Sure, I can opt to use my emergency safety harness—salvage radiation therapy—at any time, but that comes with costs potentially impacting quality of life: increased incontinence, loss of sexual function, scarring from radiation, etc. And—guess what?—at the end of it, I’ll be back on another tightrope taking another step every 3-6 months with new tests to monitor the effectiveness of salvage radiation. (And there’s a 30%-70% chance that I’ll fall off that tight rope into the abyss, too, depending on which study you look at.)

The trick is knowing when to decide whether you should keep walking on the original tight rope or that it’s time to jump into the safety harness. That decision is complicated by your coaches on the ground yelling conflicting things at you. Coach Radiation Oncologist is yelling, “Use the harness!” and Coach Urologist is yelling, “Keep walking!” Your own mind, filled with reliable information you gathered from Dr. Google, is adding to the confusion. It can be maddening to try and sort through it all and make the best decision possible.

That thought led to the last point of discussion with the urologist on Tuesday. He acknowledged that the field of prostate cancer research is a very dynamic one, and that there’s often conflicting guidance as new therapies are being tested and new discoveries are made. He also reinforced that prostate cancer is an insidious disease in how it behaves and how challenging it can be to treat it.

Prostate cancer is not an “easy cancer.” Far from it.

Day 2,663 – Research Induced Stress

Finally! I’m so glad this past week is over. It was emotionally one of the roughest weeks I’ve had in a long time.

It all started last weekend, which was a three day holiday weekend for those of us here in the U.S. Because I want to be as prepared as possible going into my April appointment with my doctor, I spent two of the three days continuing to research all sorts of things that will help me have a better informed discussion.

I posted a question in an online support group under the heading, “Recurrent Prostate Cancer and Salvage Radiation Therapy.” What followed were some very thoughtful sharing of stories from other patients who had been down that path already. But there was also a very robust discussion between a retired physician, himself a prostate cancer patient, and a long-time prostate cancer patient advocate. Both had some great insights—sometimes conflicting—and both connected me to other resources.

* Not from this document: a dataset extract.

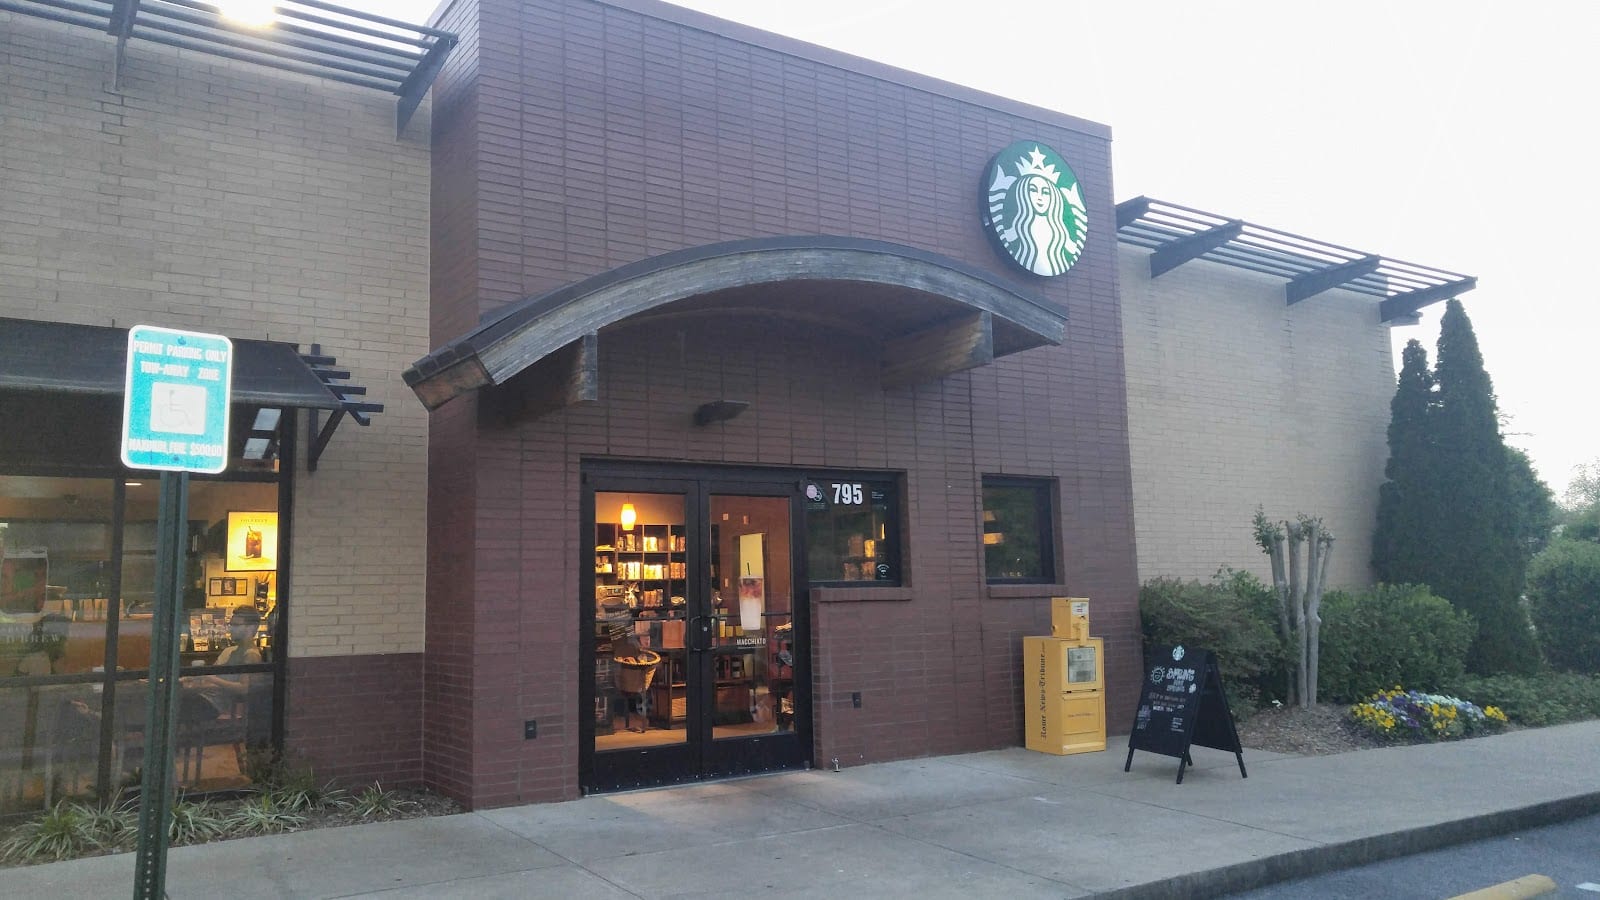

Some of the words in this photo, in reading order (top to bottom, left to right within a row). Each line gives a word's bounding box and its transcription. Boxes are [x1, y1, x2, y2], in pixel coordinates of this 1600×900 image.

I’ll spare the full-blown details, but what stressed me out last weekend—and lasted well into the week—was the notion that, despite the plethora of information out there about recurrent prostate cancer and treatment options, too much of it is conflicting or inconclusive, and there’s no clear answer for me.

When you know that you’re going to have to make a decision that could impact the length of your life and the quality of your time remaining, not having clear choices is a problem. And once you choose your path, there may be no going back. You may have to live with permanent, life-altering side effects as a result of that choice. The risks may be low, but they’re real.

Cancer, treatment options, side effects, and imaging technologies were pretty much all that I thought about all week long, and it took its toll emotionally and physically. I couldn’t shake the thoughts from my head, no matter how hard I tried. In my role as a volunteer manager, I really needed to be as upbeat and positive as I can. I tried my best last week, but it was exhausting doing so.

I know that much of this stress is self-inflicted. If I’d just step away from Google and stop researching, then this may not be so bad. But that’s not how I’m wired. I will say, however, if my doctor’s appointment was tomorrow, I’d feel pretty comfortable going into it with the knowledge that I’ve amassed so far.

I also know that there are no guarantees no matter which path I choose. I just want to choose wisely.